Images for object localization
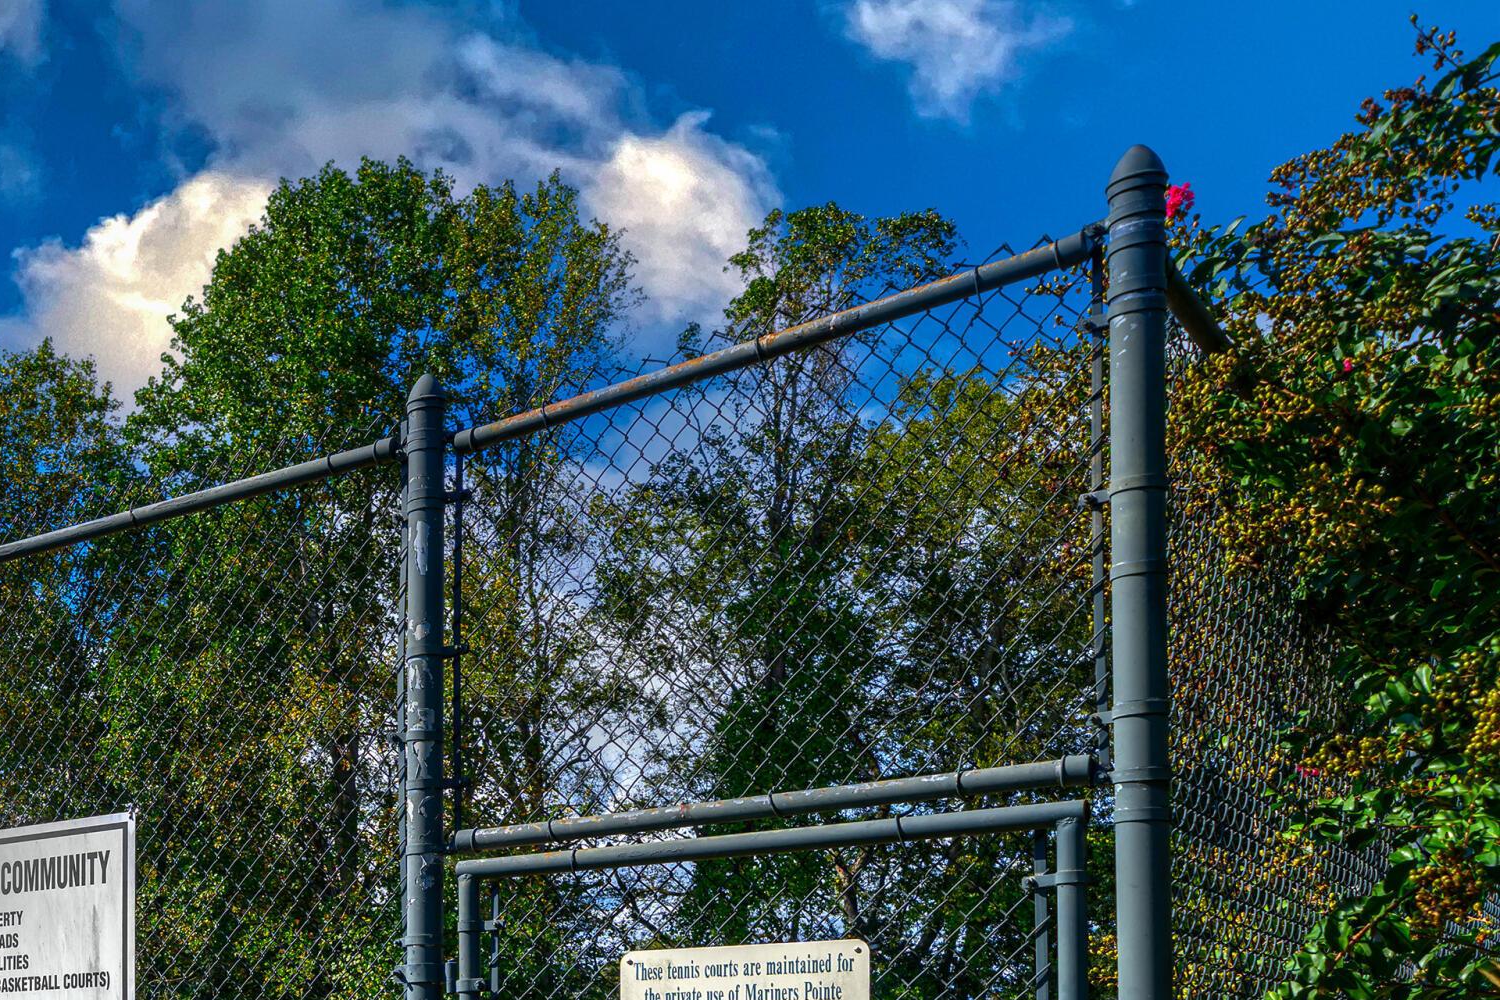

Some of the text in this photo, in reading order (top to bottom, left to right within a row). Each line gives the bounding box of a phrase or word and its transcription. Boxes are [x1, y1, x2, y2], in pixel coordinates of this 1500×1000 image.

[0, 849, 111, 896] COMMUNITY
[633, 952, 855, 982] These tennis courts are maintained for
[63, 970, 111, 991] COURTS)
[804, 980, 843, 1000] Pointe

What needs to be done – Every record above, copied exactly and without a single picture, makes up the answer.

Written response –
Some of the text in this photo, in reading order (top to bottom, left to right within a row). Each line gives the bounding box of a phrase or word and its transcription. Boxes are [x1, y1, x2, y2], in pixel coordinates of this 1500×1000 image.

[0, 849, 111, 896] COMMUNITY
[633, 952, 855, 982] These tennis courts are maintained for
[63, 970, 111, 991] COURTS)
[804, 980, 843, 1000] Pointe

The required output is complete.